Severe and Complicated Varicella and Associated Genotypes 10 Years After Introduction of a One-Dose Varicella Vaccine Program

Autor: Anne Kynaston, Christine Heath, Cheryl S. Toi, Elizabeth J Elliott, Helen E. Quinn, Michelle Clarke, Peter Richmond, Kristine Macartney, Robert Booy, Nigel W Crawford, Helen Marshall
Rok vydání: 2018
Předmět:
Zdroj: The Journal of infectious diseases. 219(3)
ISSN: 1537-6613
Popis: Background This national, sentinel prospective study aimed to identify children with severe hospitalized varicella, despite availability of universal 1-dose vaccination since 2005, and determine associations between virus genotypes and disease severity. Methods Children with varicella or zoster from 5 Paediatric Active Enhanced Disease Surveillance hospitals were enrolled. Lesions were swabbed for genotyping. Associations with disease severity were analyzed using multiple regression. Results From 2007 to 2015, 327 children with confirmed varicella (n = 238) or zoster (n = 89) were enrolled. Two hundred three (62%) were immunocompetent children; including 5 of 8 children who required intensive care unit management. Eighteen percent (36 of 203) of immunocompetent children had been previously vaccinated. Vaccinated children aged >18 months were less likely to have severe disease (9%; 5 of 56) than unvaccinated children (21%; 21 of 100; P = .05).

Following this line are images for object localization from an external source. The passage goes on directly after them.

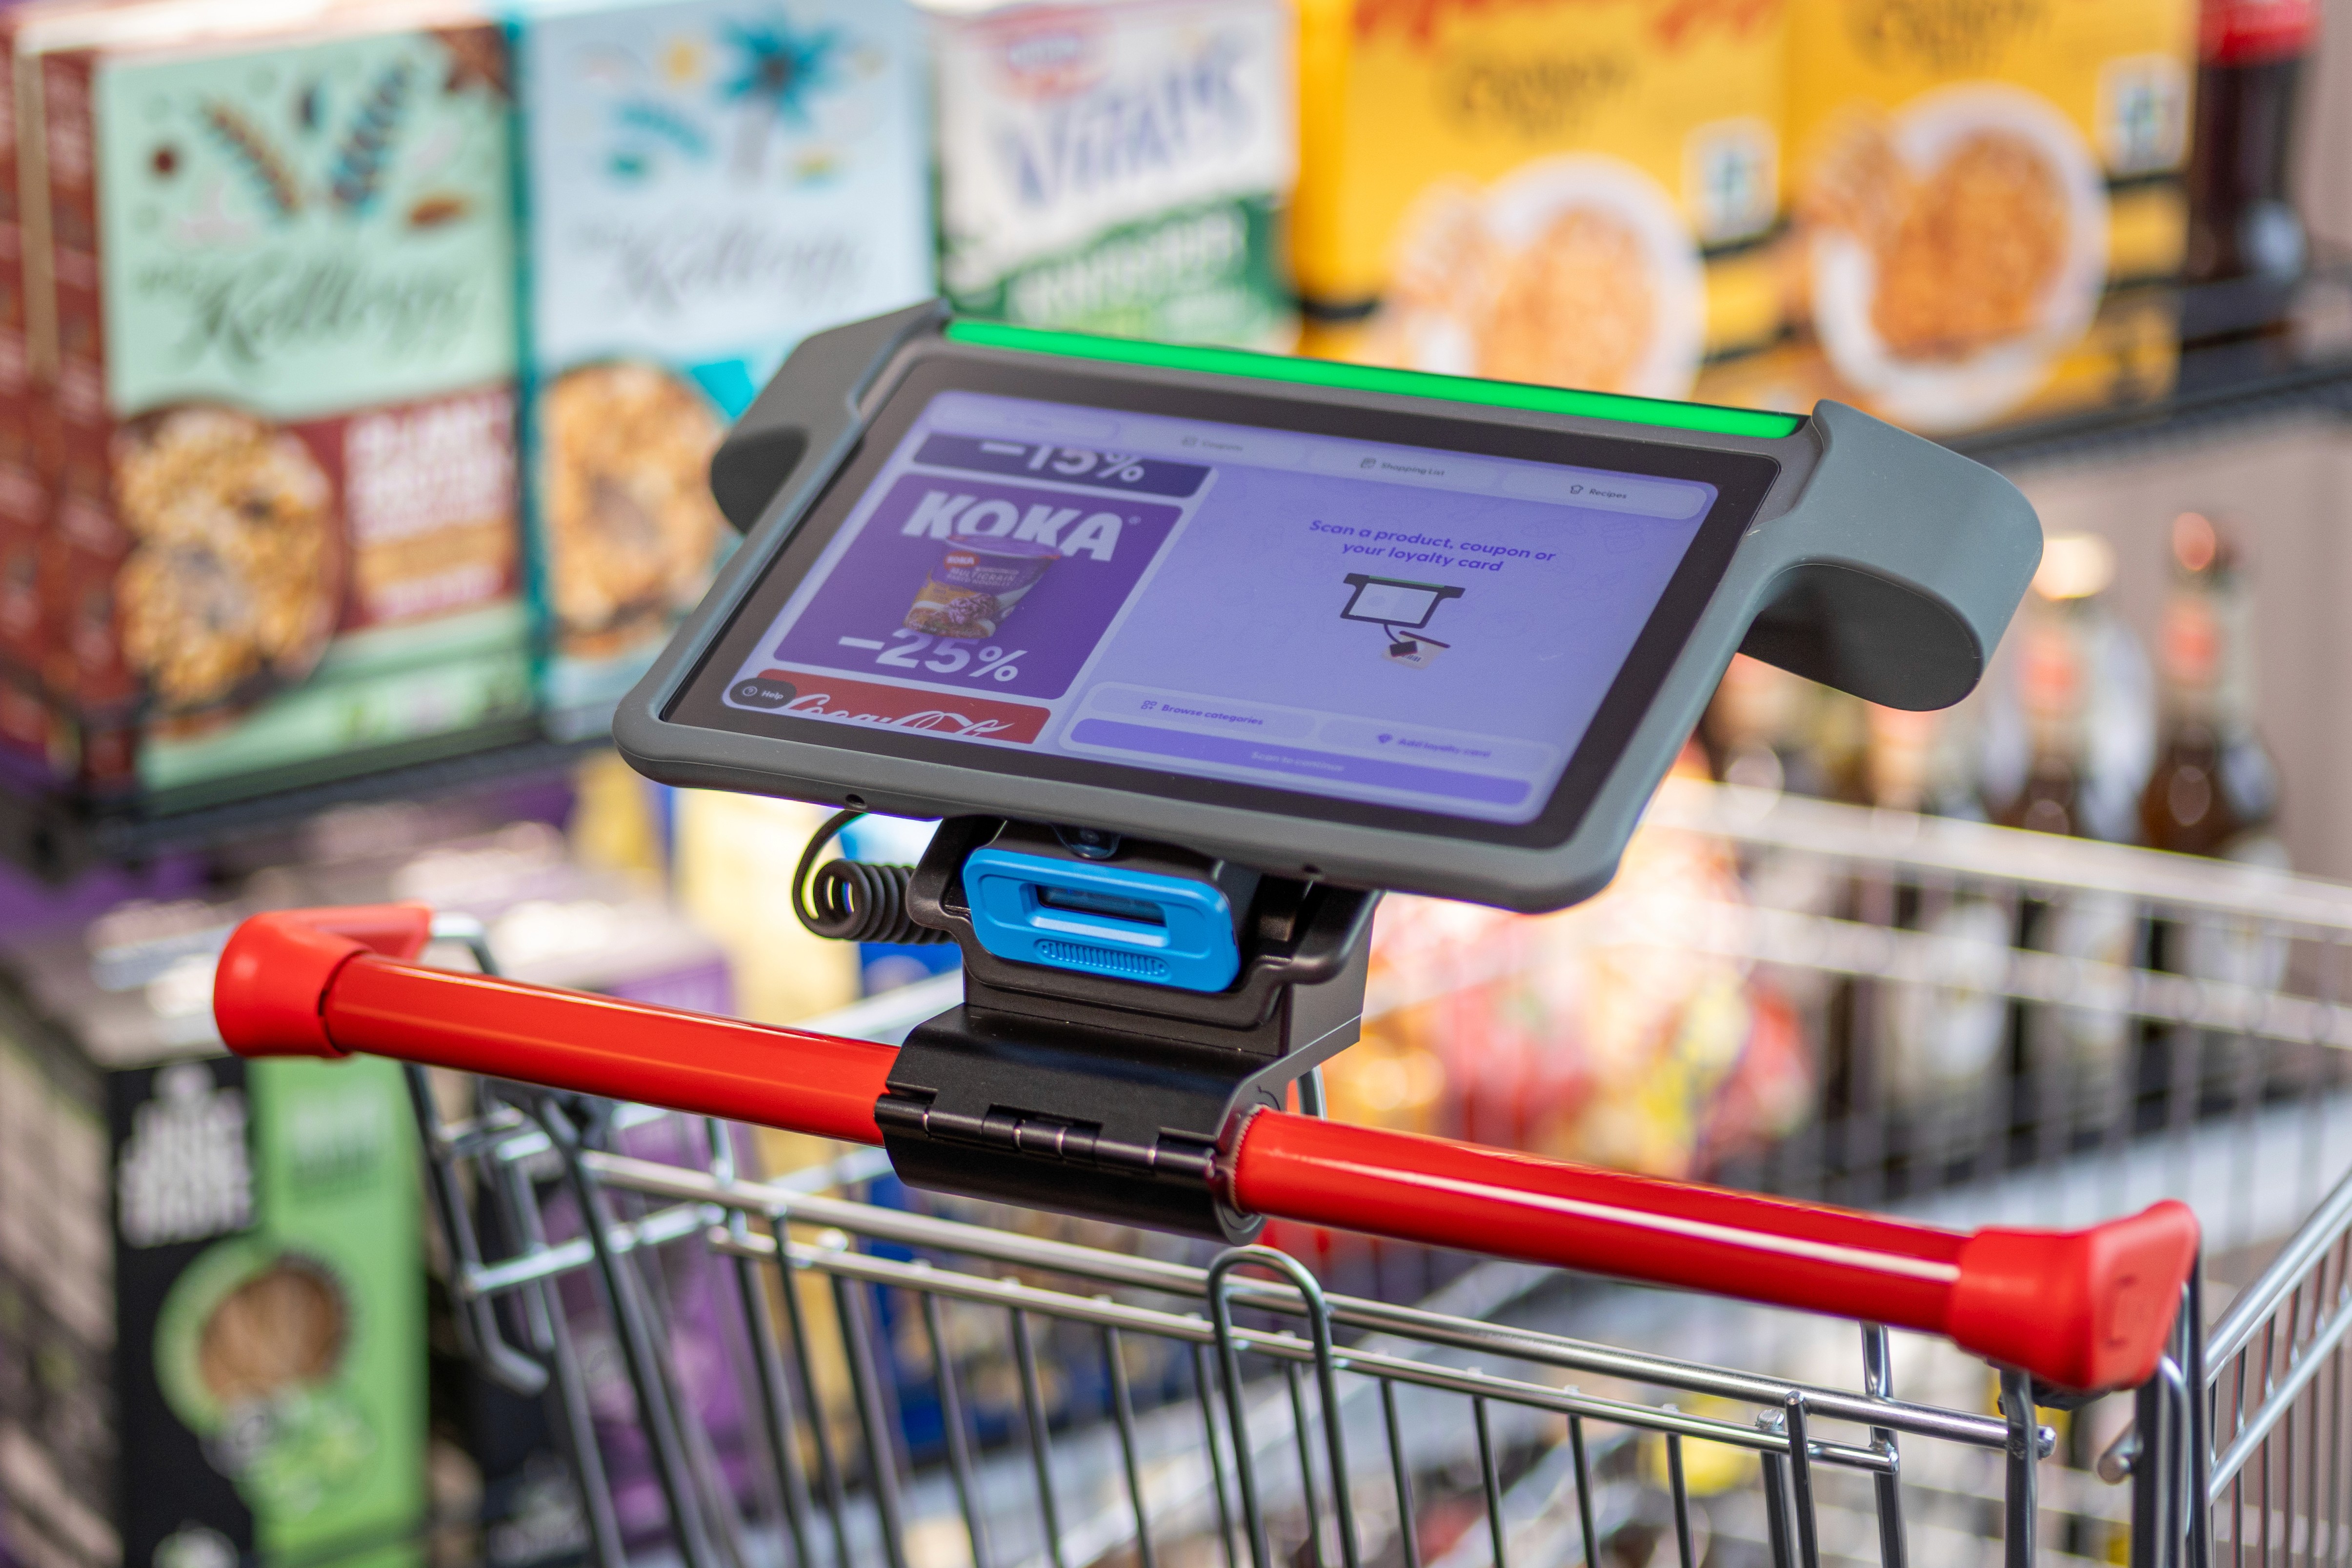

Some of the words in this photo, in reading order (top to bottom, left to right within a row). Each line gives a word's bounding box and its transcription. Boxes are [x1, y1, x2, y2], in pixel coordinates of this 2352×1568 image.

[1381, 462, 1427, 475] Shopping
[1428, 468, 1445, 476] List
[1588, 488, 1627, 500] Recipes
[901, 490, 1123, 562] KOKA
[1309, 520, 1355, 536] Scan
[1358, 528, 1372, 538] a
[1460, 541, 1531, 558] coupon
[1535, 551, 1556, 562] or
[1342, 543, 1386, 557] your
[1388, 547, 1455, 567] loyalty
[1458, 559, 1504, 572] card
[761, 690, 784, 701] Help
[1161, 704, 1203, 716] Browse
[1205, 712, 1264, 725] categories

Three of 126 children who had virus genotyping (2 immunocompromised) had varicella (n = 2) or zoster (n = 2) due to the Oka/vaccine strain. European origin clades predominated and were independently associated with more severe disease (odds ratio = 3.2; 95% confidence interval, 1.1- 9.5; P = .04). Conclusions Severe hospitalized varicella still occurs with a 1-dose varicella program, although predominantly in unvaccinated children. Most 1-dose vaccine recipients were protected against severe disease. Viral genotyping in complex hospitalized cases is important to assist in monitoring disease due to Oka-vaccine strain.